ユーザーとグループの検索は、ディレクトリ構造の複雑さに応じて、トラブルシューティングが必要となることが最も多い場所です。openldap パッケージの ldapsearch ツールを使用して、LDAP サーバーに対する検索を構成します。基本的な検索から開始し、詳細条件を段階的に追加していくことで、検索を絞り込みます。

ldapsearch -x  -H ldap://10.10.10.254 -D "CN=jarvis,CN=Users,DC=shield,DC=team" -w 01Password! -b "cn=Users,dc=shield,dc=team"

この検索は一般的なものであり、検索結果は指定した場所
(-b "cn=Users,dc=shield,dc=team") に表示されます。この場所は、サーバーに対する LDAP 検索スコープで使用されるものと一致する場所です。
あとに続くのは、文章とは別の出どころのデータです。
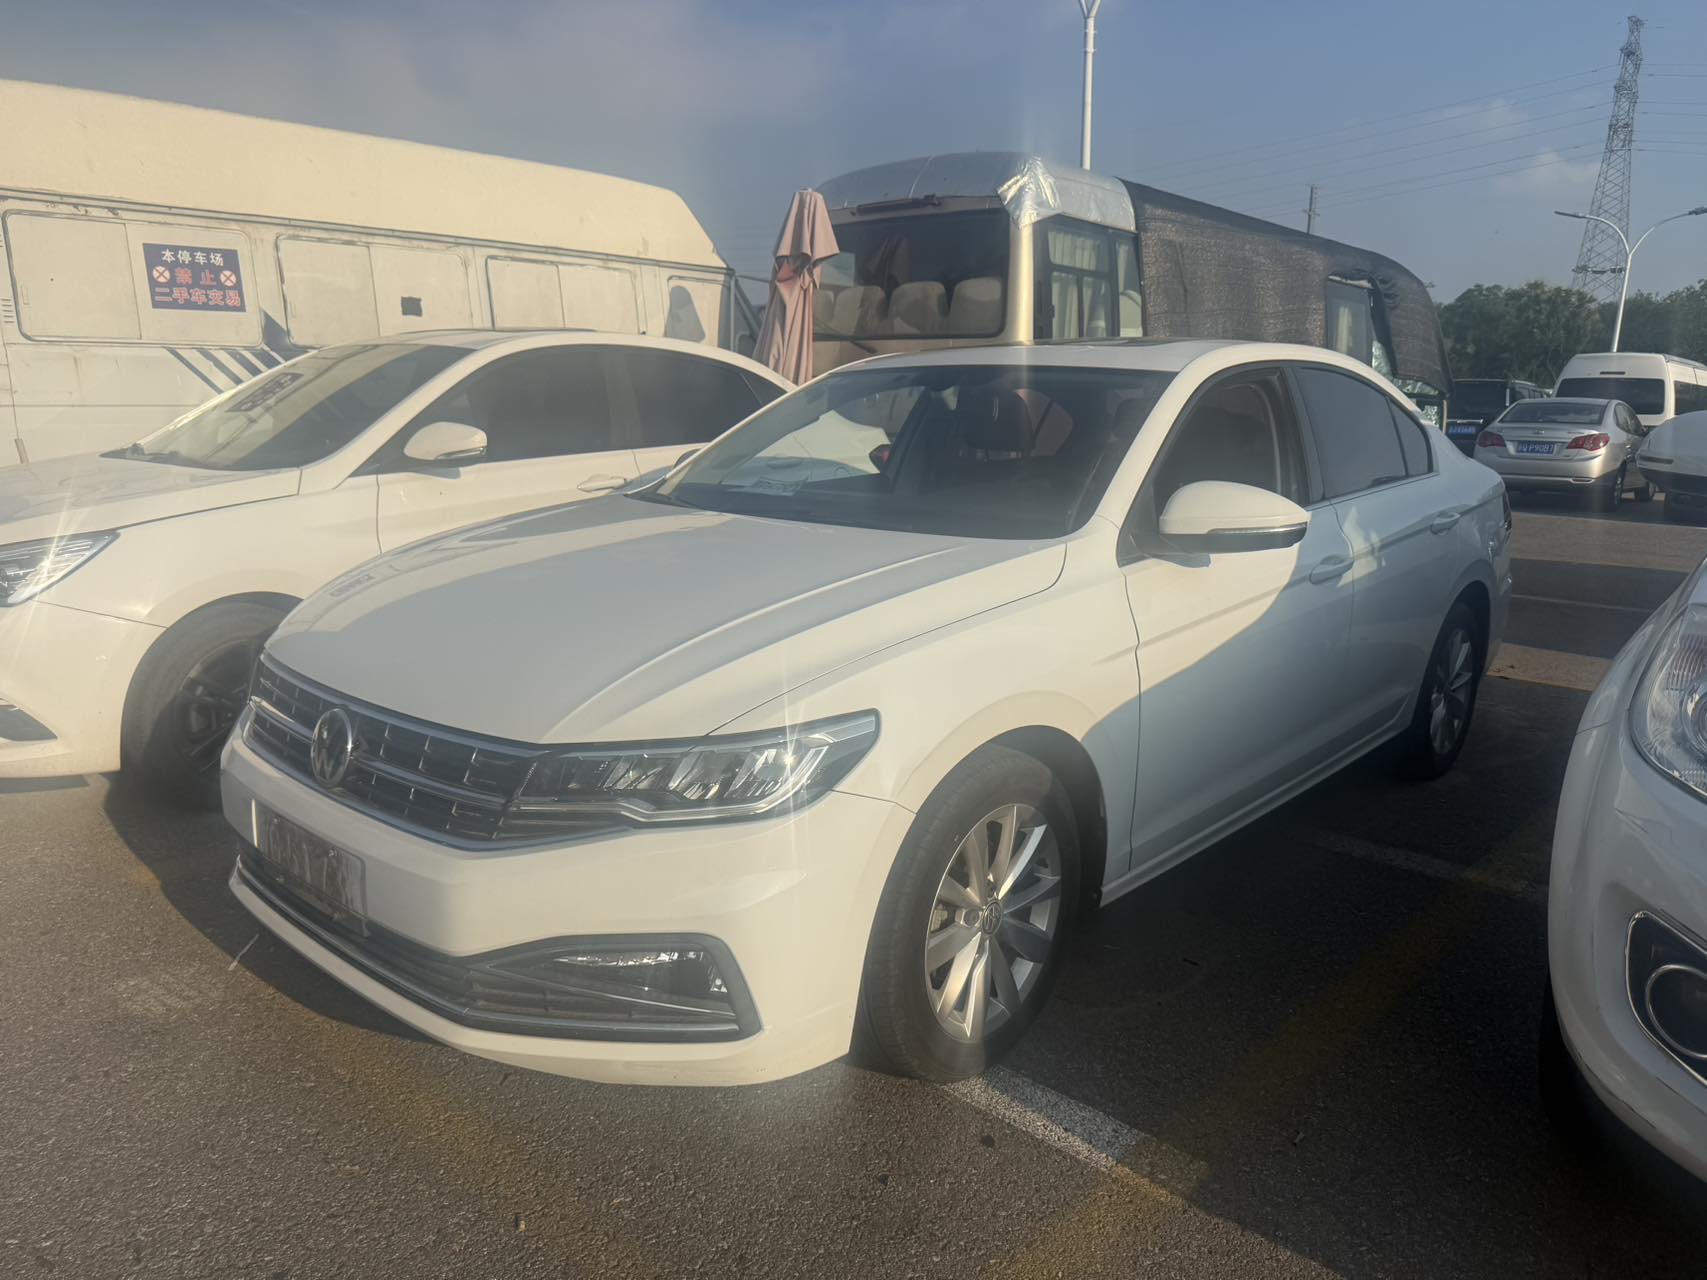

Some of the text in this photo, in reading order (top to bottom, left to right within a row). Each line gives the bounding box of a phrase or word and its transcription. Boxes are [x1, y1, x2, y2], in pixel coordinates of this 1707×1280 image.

[161, 248, 224, 266] 本停车场
[154, 287, 241, 307] 二手车交易
[LDAP Require Group (LDAP 許可グループ)] フィールドと [LDAP Deny Group (LDAP 拒否グループ)] フィールドでは、1 つの項目を追加することで、検索スコープを 1 つのグループに絞り込むことができます。[LDAP User DN Template (LDAP ユーザー拒否テンプレート)] フィールドでは、フィールドに入力した形式にスコープを限定します。構成ページ内の [LDAP User Search (LDAP ユーザー検索)] フィールドでは、以下を使用します。
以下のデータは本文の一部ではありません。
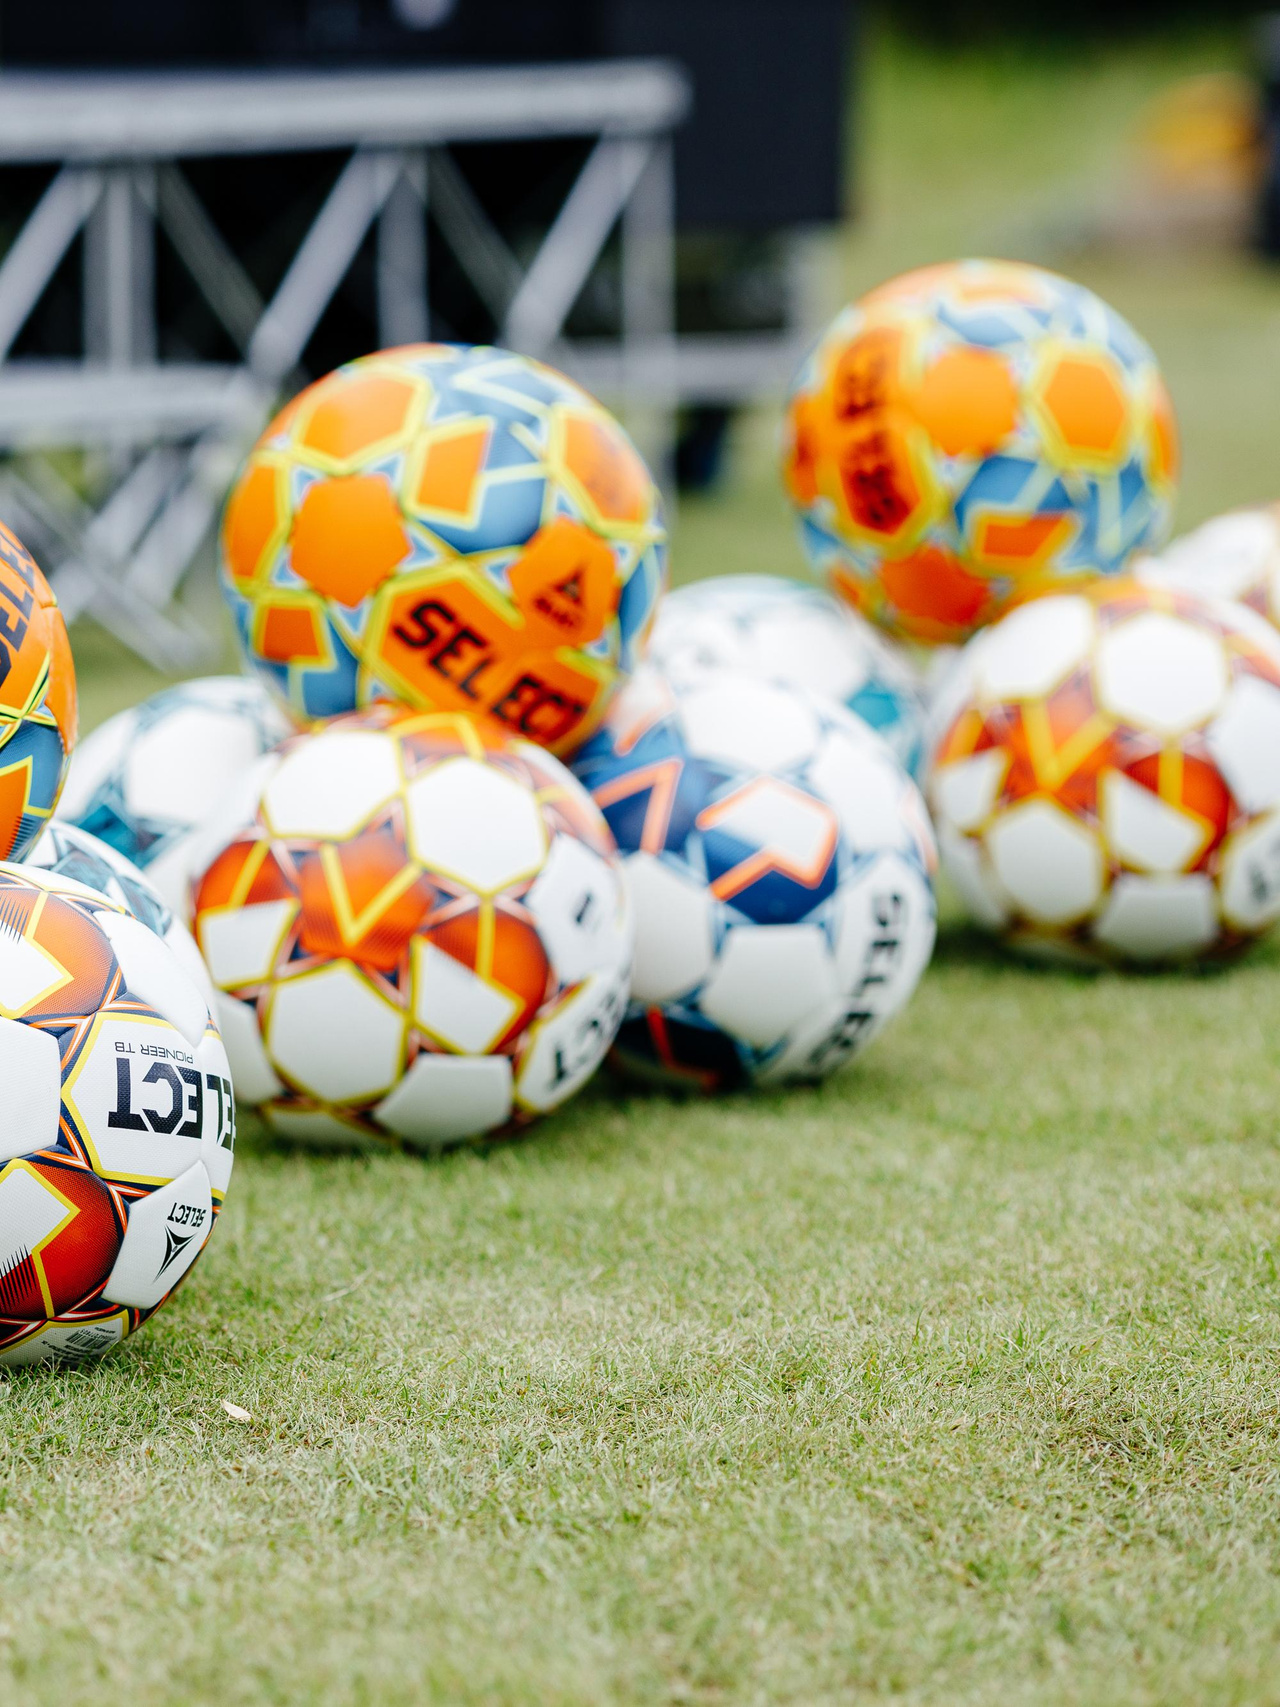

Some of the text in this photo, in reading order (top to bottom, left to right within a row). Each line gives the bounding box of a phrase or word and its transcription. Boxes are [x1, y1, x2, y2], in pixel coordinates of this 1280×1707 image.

[114, 1041, 194, 1064] PIONEER TB
[107, 1057, 237, 1154] ELECT
[166, 1201, 207, 1228] SELECT
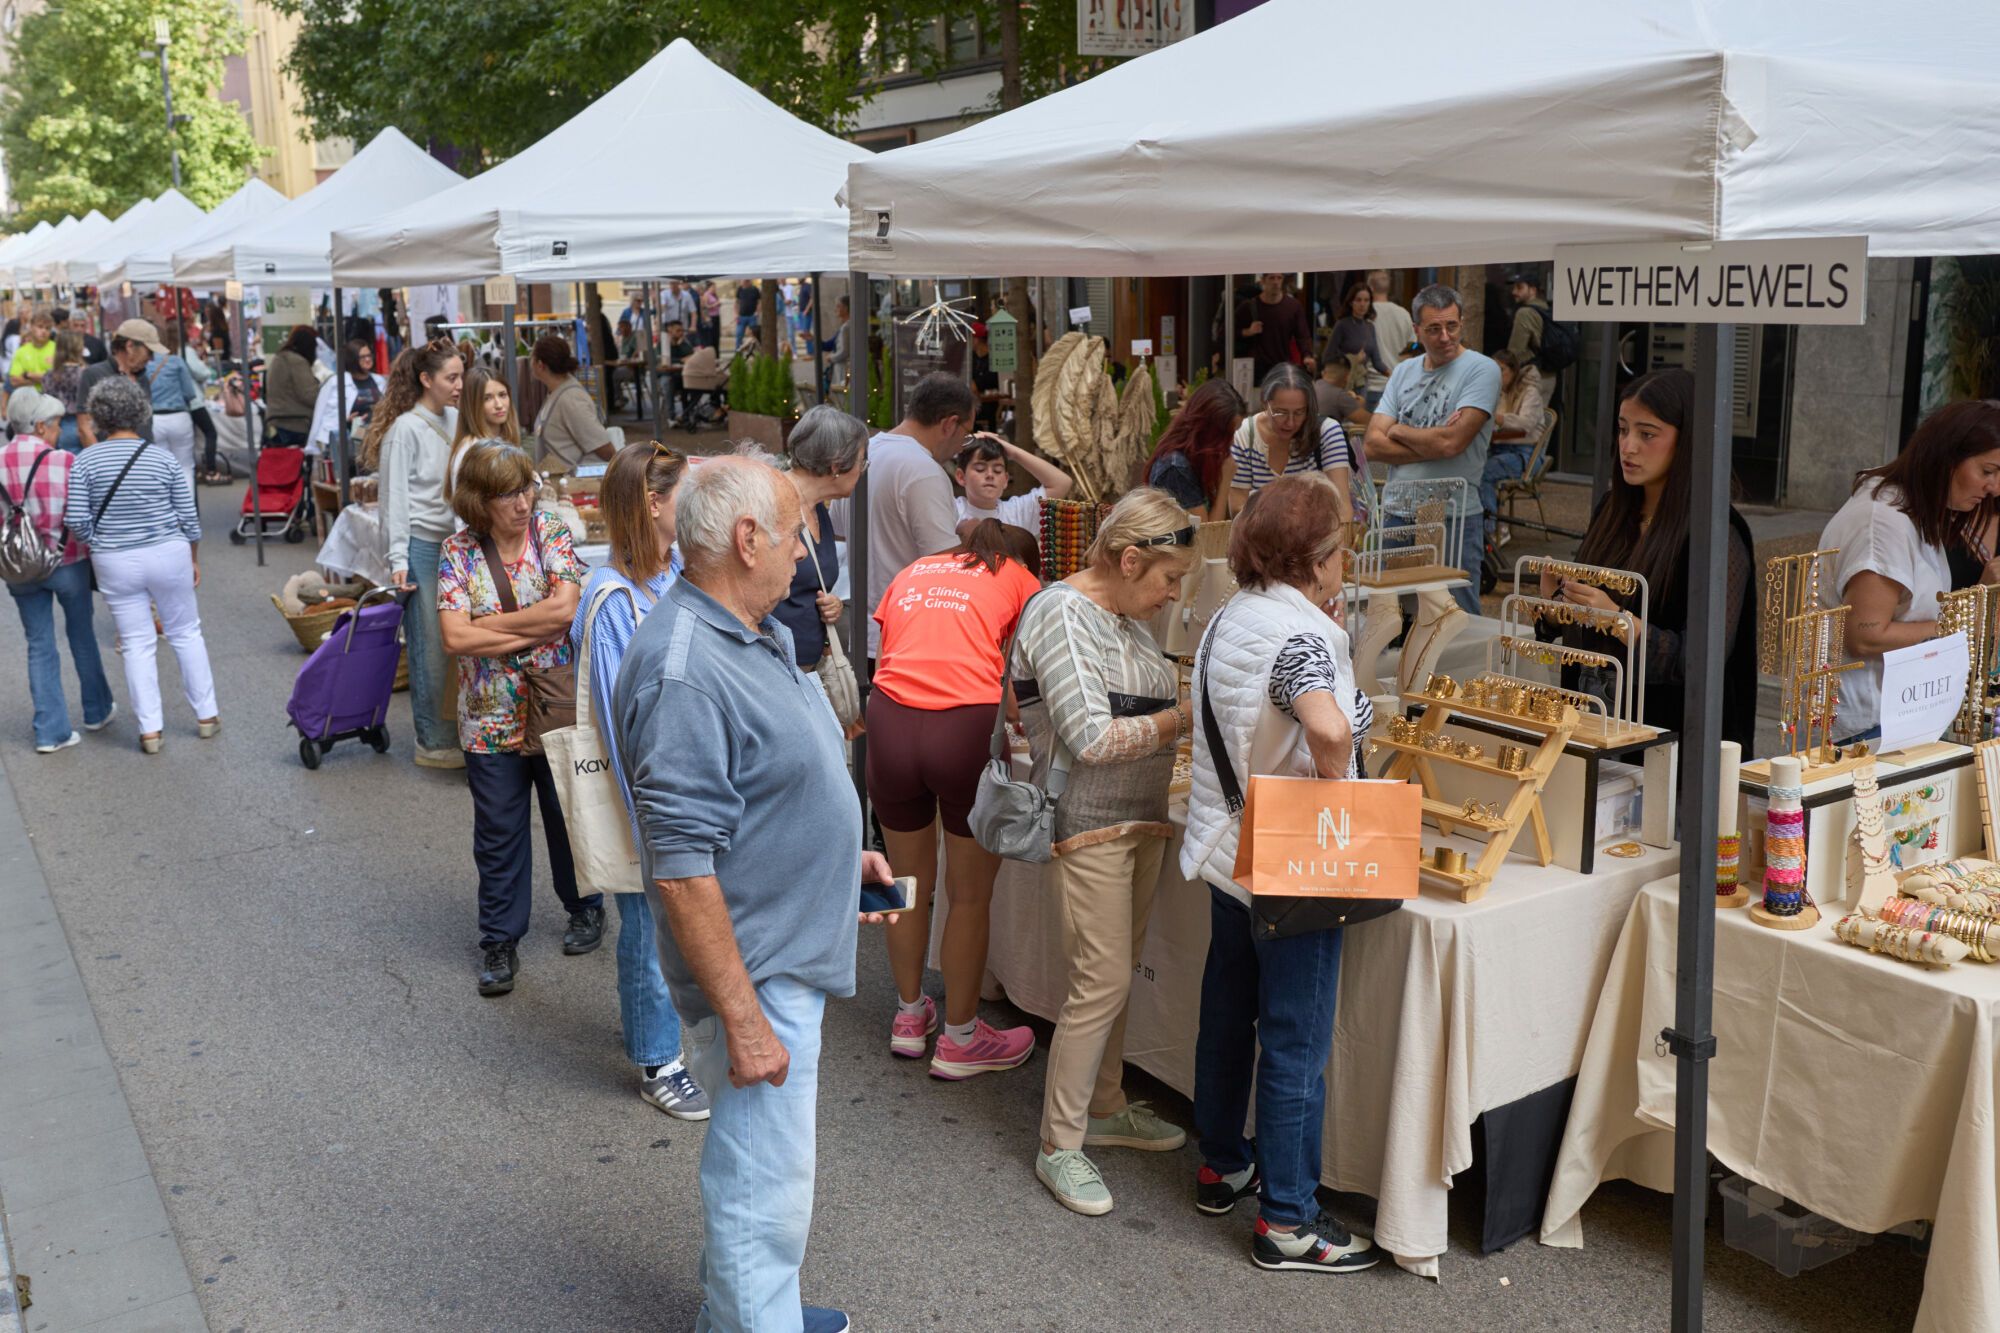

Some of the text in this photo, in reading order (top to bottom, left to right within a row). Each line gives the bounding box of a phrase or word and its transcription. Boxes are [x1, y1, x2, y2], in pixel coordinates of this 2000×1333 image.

  • SCOPE_SUBTREE:ディレクトリツリーを再帰的に検索する
  • SCOPE_ONELEVEL:ツリーの 1 レベル下を検索するように指定する
  • SCOPE_BASE:ベース DN で指定されたレベルのみを検索する

LDAP 検索ツールから返された結果を使用して、検索する値 (例:uid または sAMAccountName、group または groupOfNames) を選択します。[LDAP User DN Template (LDAP ユーザー拒否テンプレート)] は [LDAP User Search (LDAP ユーザー検索)] より優先されるため、設定時には必ずどちらか一方のみを使用してください。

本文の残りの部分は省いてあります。